**INSTRUCTIONS TO FOLLOW**
Your answer should be the full data, transcribed exactly, with no pictures in it.

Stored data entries
+ + + +

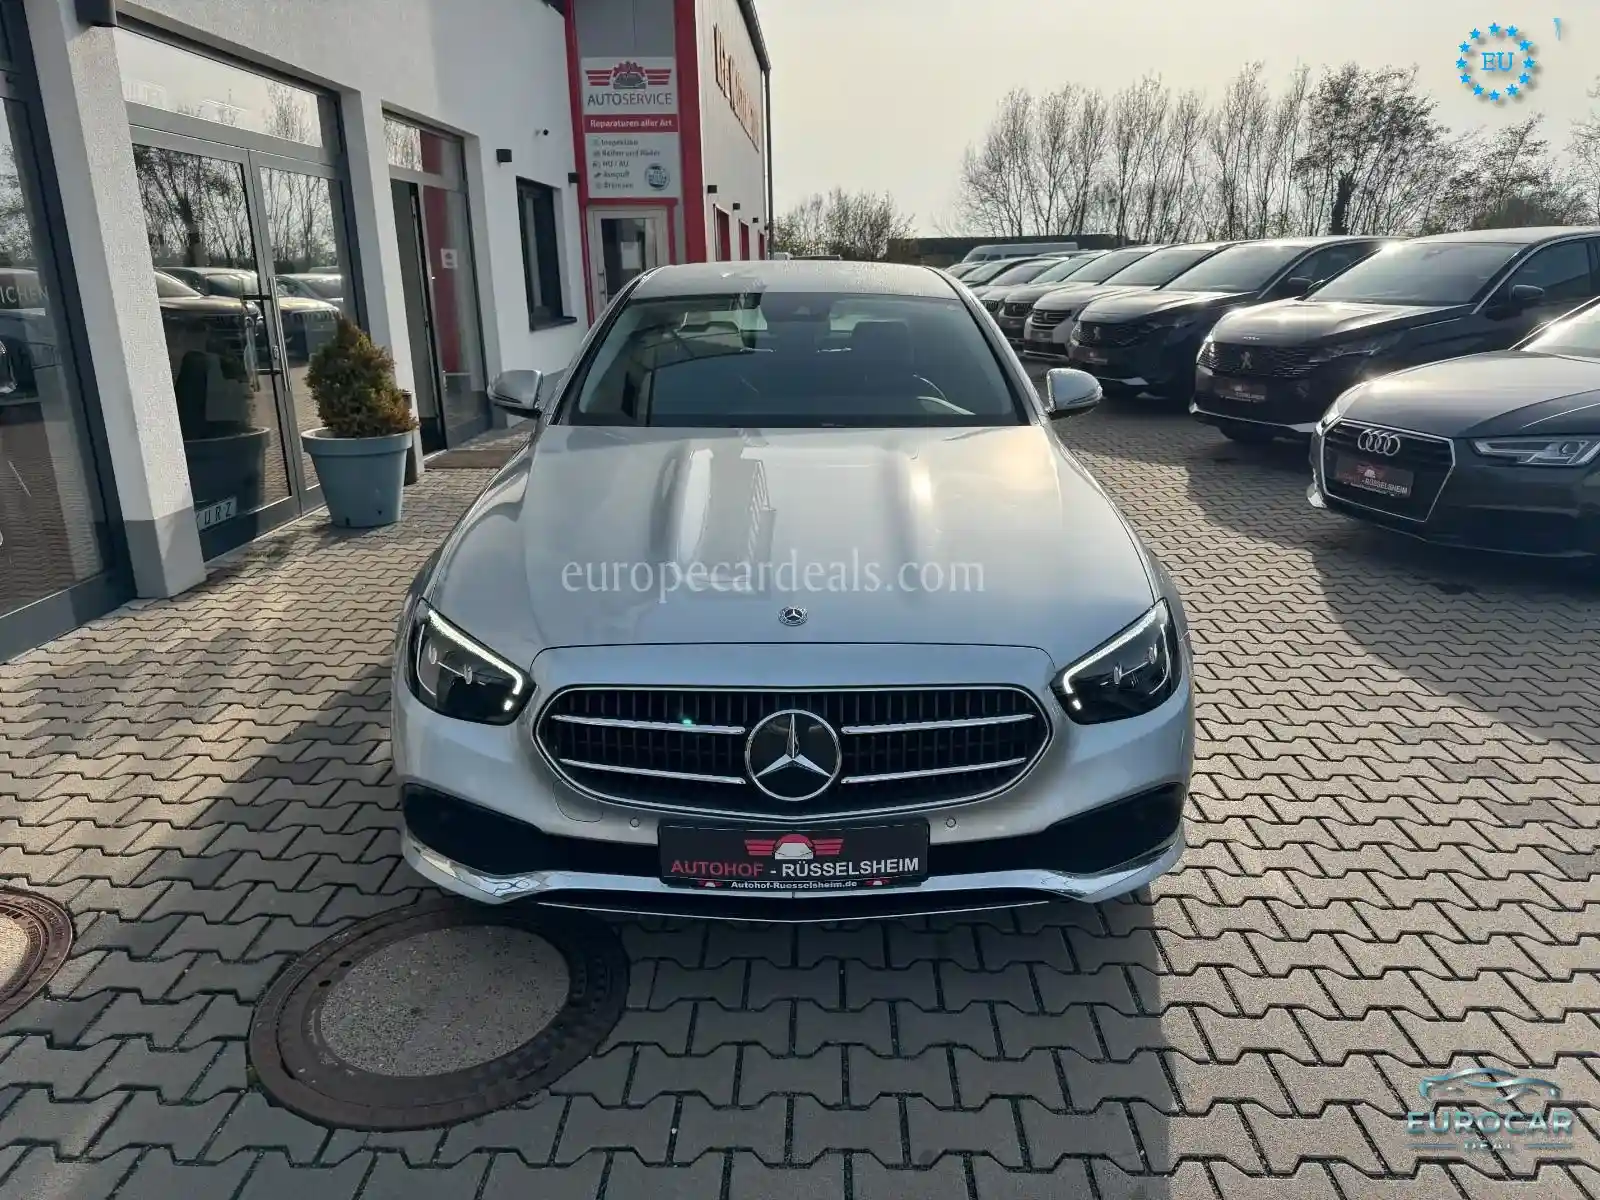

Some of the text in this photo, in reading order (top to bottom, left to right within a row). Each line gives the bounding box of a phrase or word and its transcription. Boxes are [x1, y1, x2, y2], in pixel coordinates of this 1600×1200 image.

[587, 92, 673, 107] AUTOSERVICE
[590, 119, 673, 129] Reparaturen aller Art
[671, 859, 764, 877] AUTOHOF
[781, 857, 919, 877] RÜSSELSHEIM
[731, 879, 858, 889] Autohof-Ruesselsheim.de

+ + + +

**EXERCISE SOLUTION**
Some of the text in this photo, in reading order (top to bottom, left to right within a row). Each line gives the bounding box of a phrase or word and its transcription. Boxes are [x1, y1, x2, y2], in pixel coordinates of this 1600×1200 image.

[587, 92, 673, 107] AUTOSERVICE
[590, 119, 673, 129] Reparaturen aller Art
[671, 859, 764, 877] AUTOHOF
[781, 857, 919, 877] RÜSSELSHEIM
[731, 879, 858, 889] Autohof-Ruesselsheim.de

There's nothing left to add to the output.